◆ WHAT YOU NEED TO DO ◆
Copy out the whole listing exactly as written, leaving the pictures behind.

◆ RECORDED DATA ◆
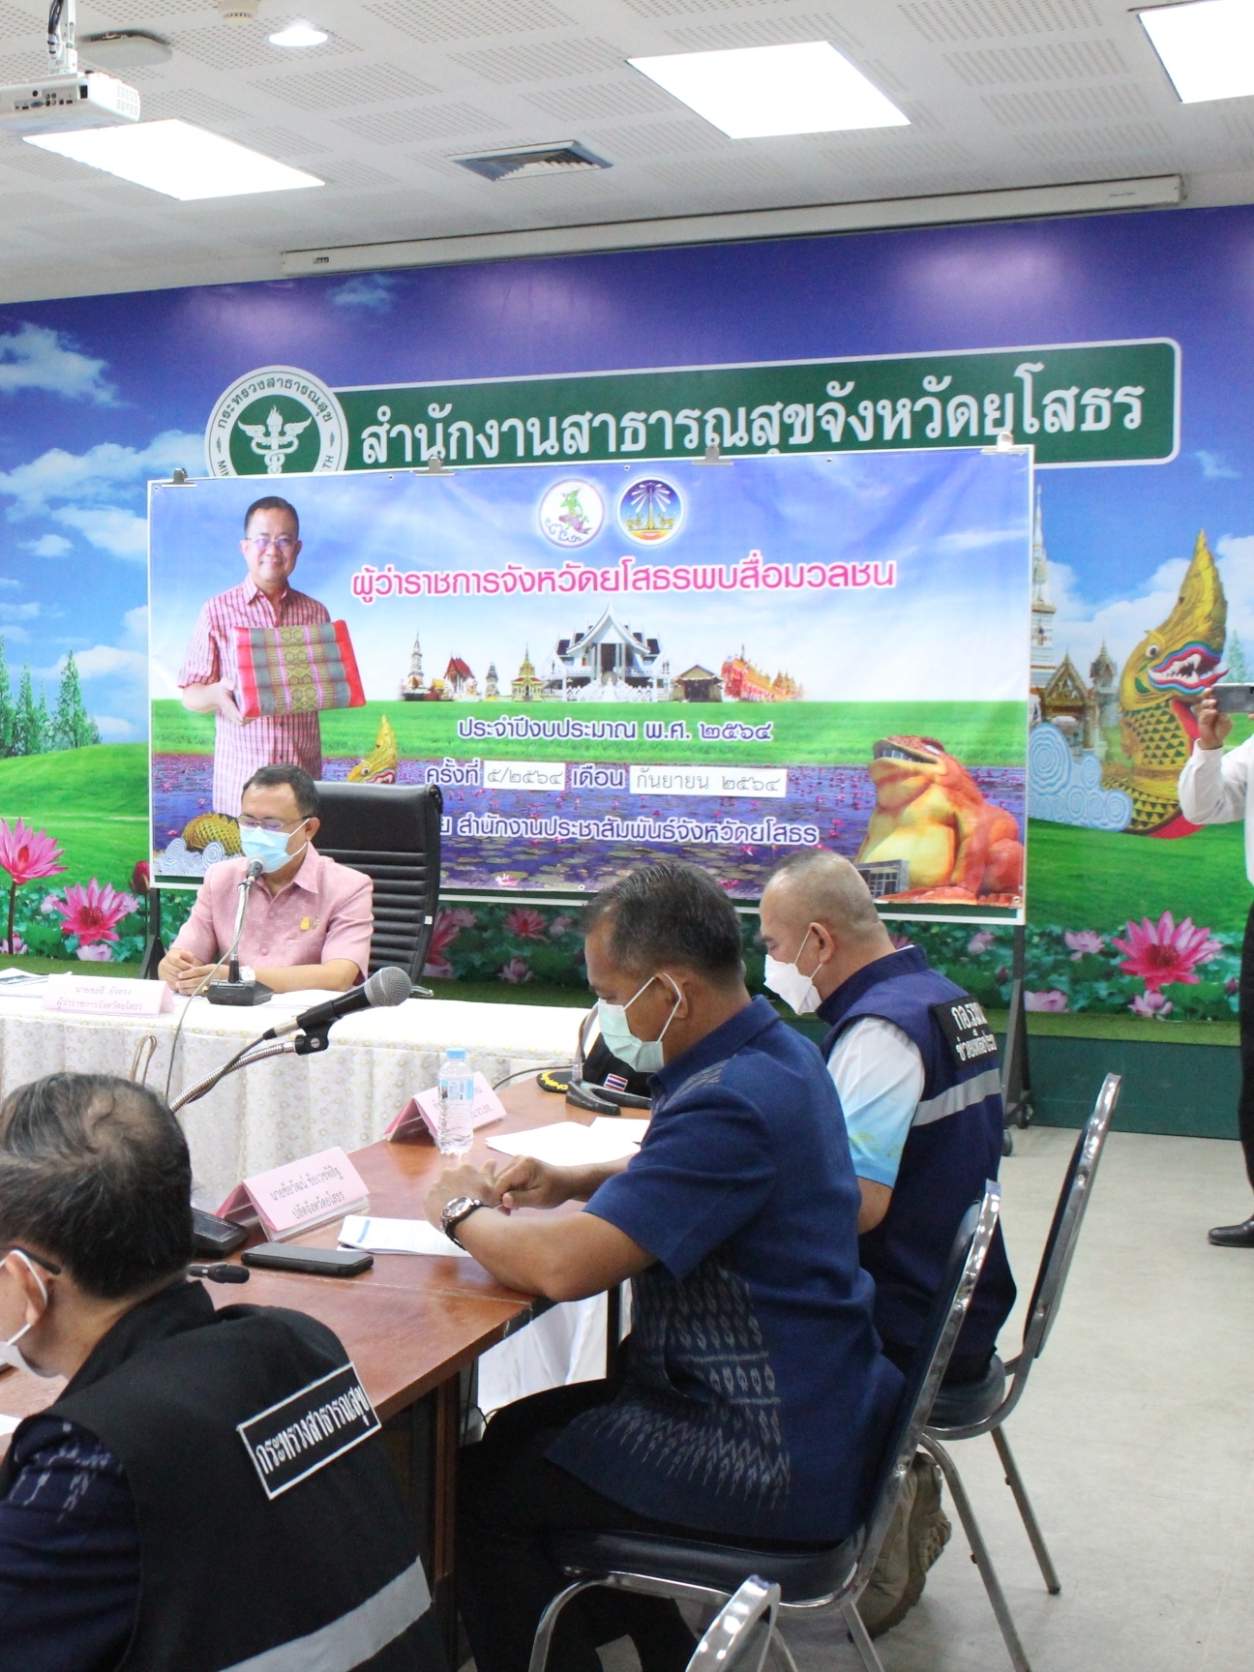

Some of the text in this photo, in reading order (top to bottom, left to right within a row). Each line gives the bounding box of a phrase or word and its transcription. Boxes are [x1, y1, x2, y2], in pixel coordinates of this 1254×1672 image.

[218, 377, 333, 429] กระทรวงสาธารณสุข
[352, 552, 895, 604] ผู้ว่าราชการจังหวัดยโสธรพบสื่อมวลชน
[458, 716, 773, 741] ประจำปีงบประมาณ พ.ศ. ๒๕๖๔
[426, 757, 781, 792] ครั้งที่ ๕/๒๕๖๔ เดือน กันยายน ๒๕๖๔
[457, 812, 819, 846] สำนักงานประชาสัมพันธ์จังหวัดยโสธร
[254, 1385, 370, 1475] กระทรวงสาธารณสุข

◆ ANSWER BELOW ◆
Some of the text in this photo, in reading order (top to bottom, left to right within a row). Each line gives the bounding box of a phrase or word and its transcription. Boxes are [x1, y1, x2, y2], in pixel coordinates of this 1254×1672 image.

[218, 377, 333, 429] กระทรวงสาธารณสุข
[352, 552, 895, 604] ผู้ว่าราชการจังหวัดยโสธรพบสื่อมวลชน
[458, 716, 773, 741] ประจำปีงบประมาณ พ.ศ. ๒๕๖๔
[426, 757, 781, 792] ครั้งที่ ๕/๒๕๖๔ เดือน กันยายน ๒๕๖๔
[457, 812, 819, 846] สำนักงานประชาสัมพันธ์จังหวัดยโสธร
[254, 1385, 370, 1475] กระทรวงสาธารณสุข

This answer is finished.